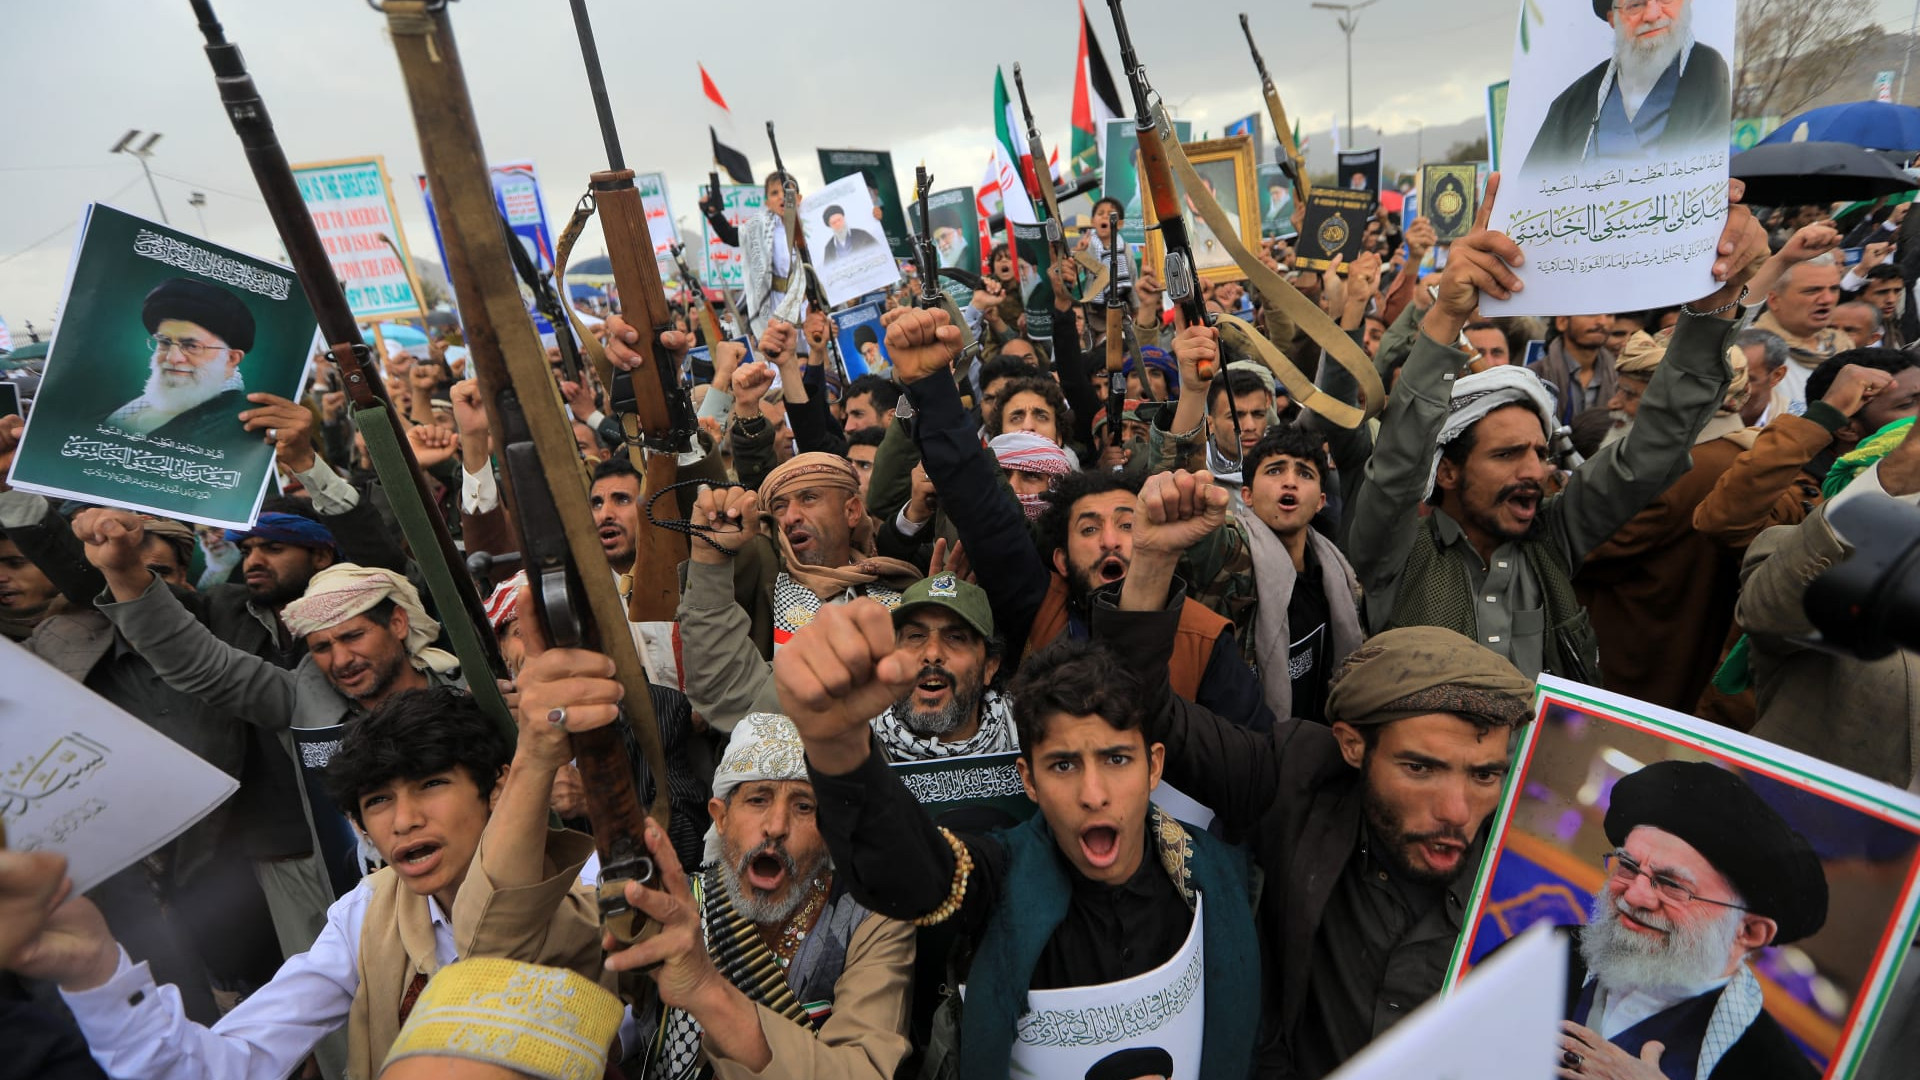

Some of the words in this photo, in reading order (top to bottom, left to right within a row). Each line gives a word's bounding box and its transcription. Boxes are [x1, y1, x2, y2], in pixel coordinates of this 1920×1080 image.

[346, 206, 389, 227] AMERICA
[1588, 194, 1668, 243] الحسيني
[381, 283, 412, 305] ISLAM
[195, 465, 241, 489] السيد
- - -
- _ABOUT THIS TASK_
The records above should be returned exactly; no image belongs in the copy.

- _SOLUTION FOR THIS PROBLEM_
Some of the words in this photo, in reading order (top to bottom, left to right within a row). Each line gives a word's bounding box and its transcription. Boxes are [x1, y1, x2, y2], in pixel coordinates of this 1920×1080 image.

[346, 206, 389, 227] AMERICA
[1588, 194, 1668, 243] الحسيني
[381, 283, 412, 305] ISLAM
[195, 465, 241, 489] السيد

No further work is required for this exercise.